Have you any comment on group joiners?

You mention below "Using infix operators is really only justifiable if notation is meant for human consumption." Quite. Human and machine consumption is exactly what we are designing for. Text is about people not parsers.

Try opening my font description document in Word and insert/delete characters in hieroglyphic strings, see the control codes come and go. Think about what end controls in your model imply.

Bob

-----Original Message-----
From: Egyptian [mailto:egyptian-bounces at evertype.com] On Behalf Of Mark-Jan Nederhof
Sent: 23 July 2016 13:47
To: egyptian at evertype.com
Subject: Re: [Egyptian] Brackets in the TLA encoding

Hi Simon, Hi Stéphane, Hi All,

This is very helpful.

Physicists tell us that if you want to gather and use data, you need hypotheses first, or else you don't know what to look for. For me the relevant hypotheses are:
(1) The primitives we have in our current document allow description of most of the groups in an accurate enough way. Both 'most of' and 'accurate enough' are subjective of course. There is no escaping that.
(2) It would be quite difficult to reduce the expressive power before we would lose coverage. There is an implicit parameter, which is a limit on the depth of nesting, which I assume is 3. As also Simon confirmed once more, 2 is not enough, even for the most basic, run-of-the-mill classical
(horizontal) inscriptions.

As to (1), we have moved away quite considerably from descriptive power that is machine-interpretable. This was motivated by people finding the original encoding too complicated, and arguing that fonts would do a lot of fine-tuning anyway for particular choices of signs. Also, we don't really care about a sign being printed 0.5 mm too much to the left or to the right, as long as the user gets a rough idea of what the text looks like.

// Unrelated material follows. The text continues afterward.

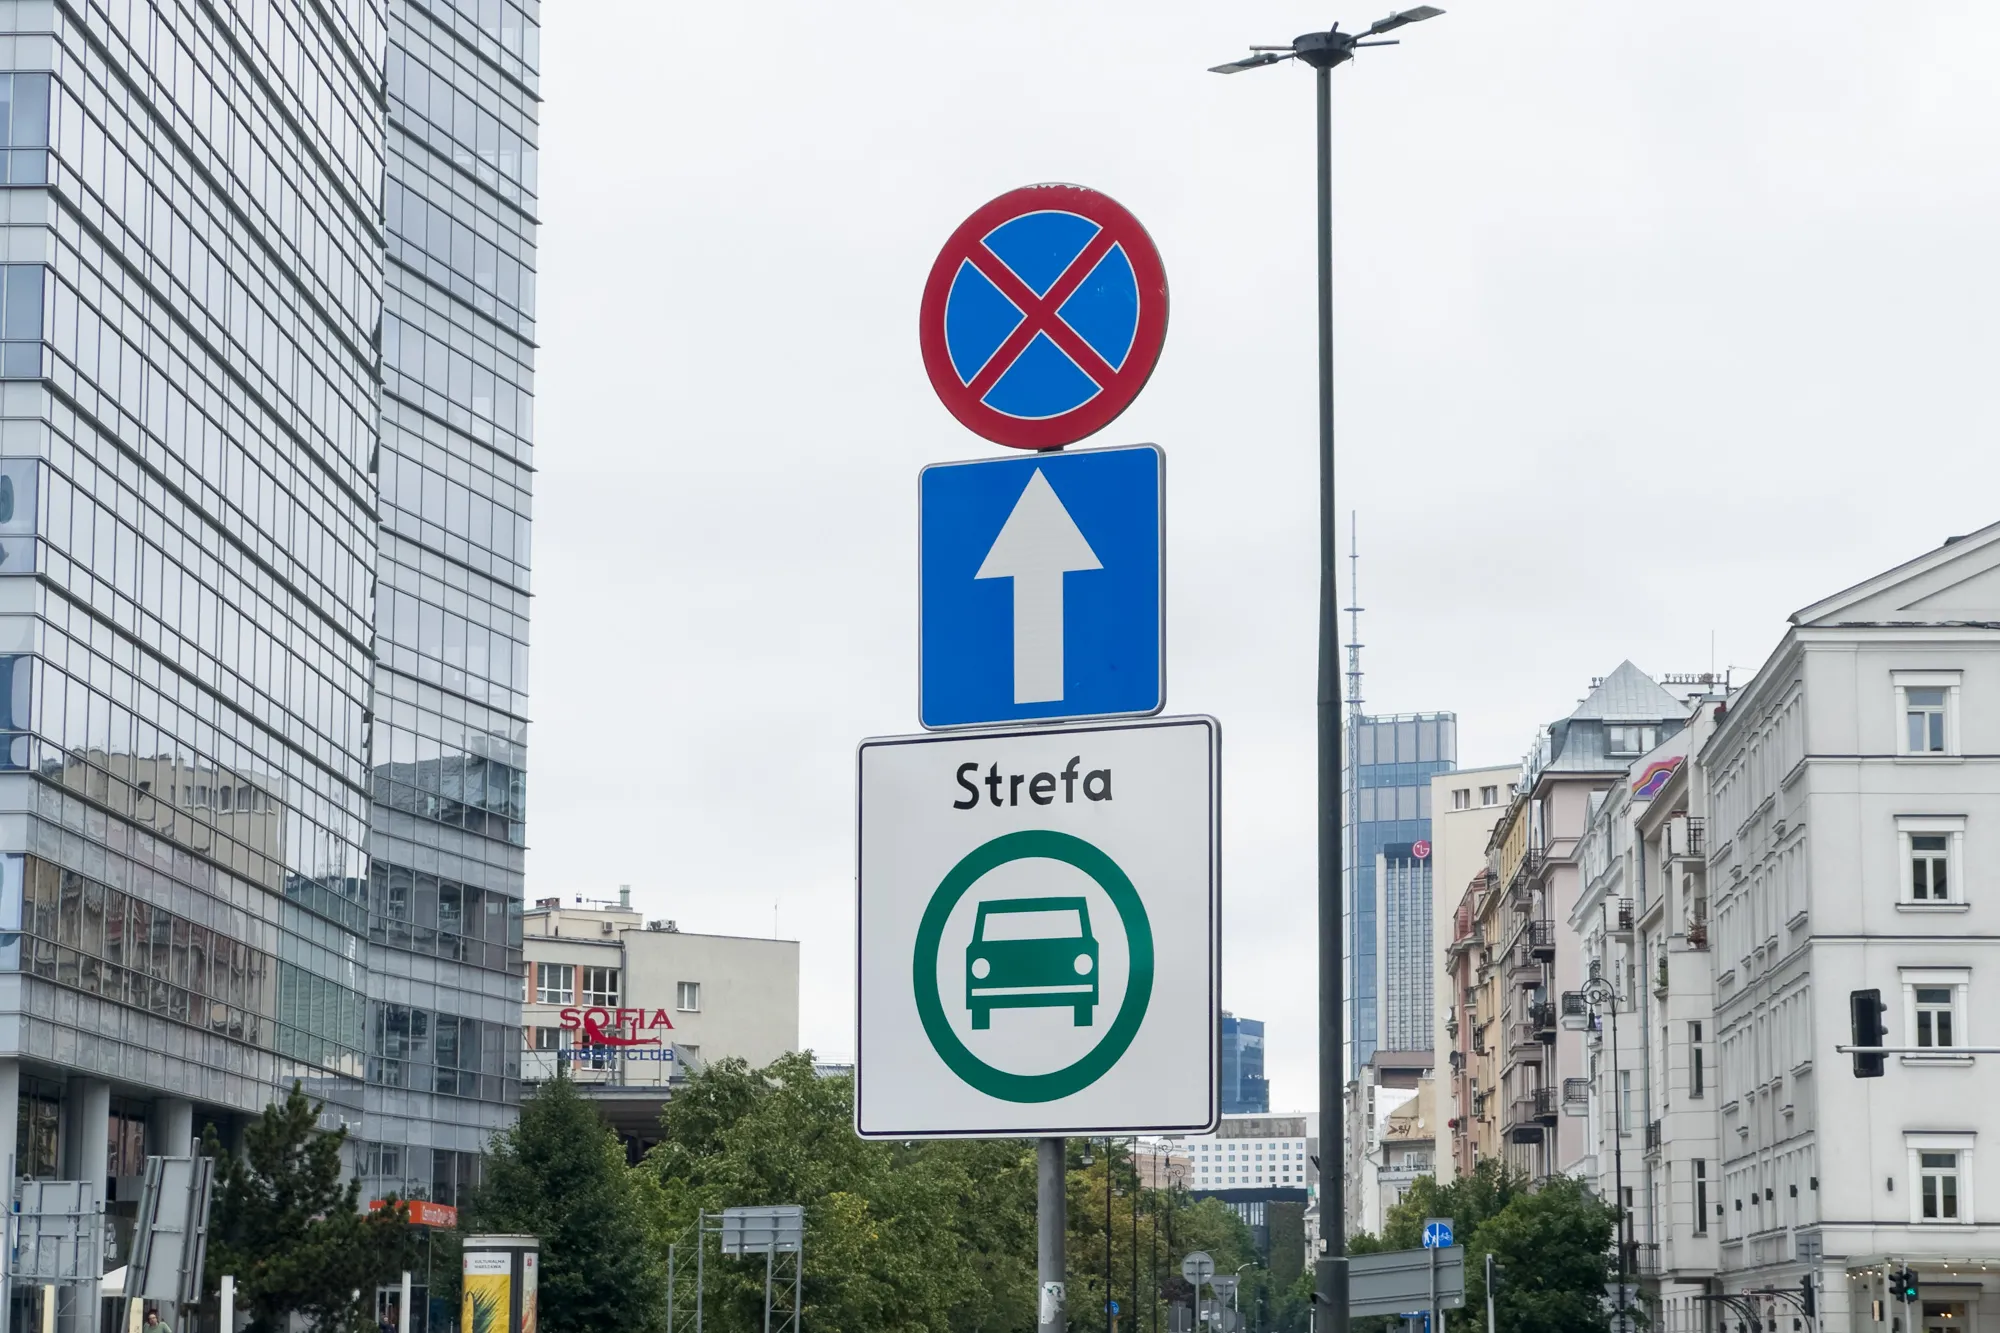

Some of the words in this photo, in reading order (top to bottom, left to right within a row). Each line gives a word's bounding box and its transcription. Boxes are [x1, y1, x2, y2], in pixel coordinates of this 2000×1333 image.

These arguments all sound reasonable, but realise two things:
* If even stupid machines don't know how to render an encoding roughly as it was intended, perhaps there is not enough information present for humans to know what was meant either.
* As stressed once more by Stéphane, the kinds of groups we are talking about are productive. We don't want to be manually fine-tuning the appearance of an unbounded number of groups, so some approximately correct automatic rendering would be quite useful.

I think we are still okay with the present version of the proposal, but we have moved a long way from existing routines that do the rendering in a deterministic, predictable manner, to needing lots more refinements to program code and the result being not quite well-defined.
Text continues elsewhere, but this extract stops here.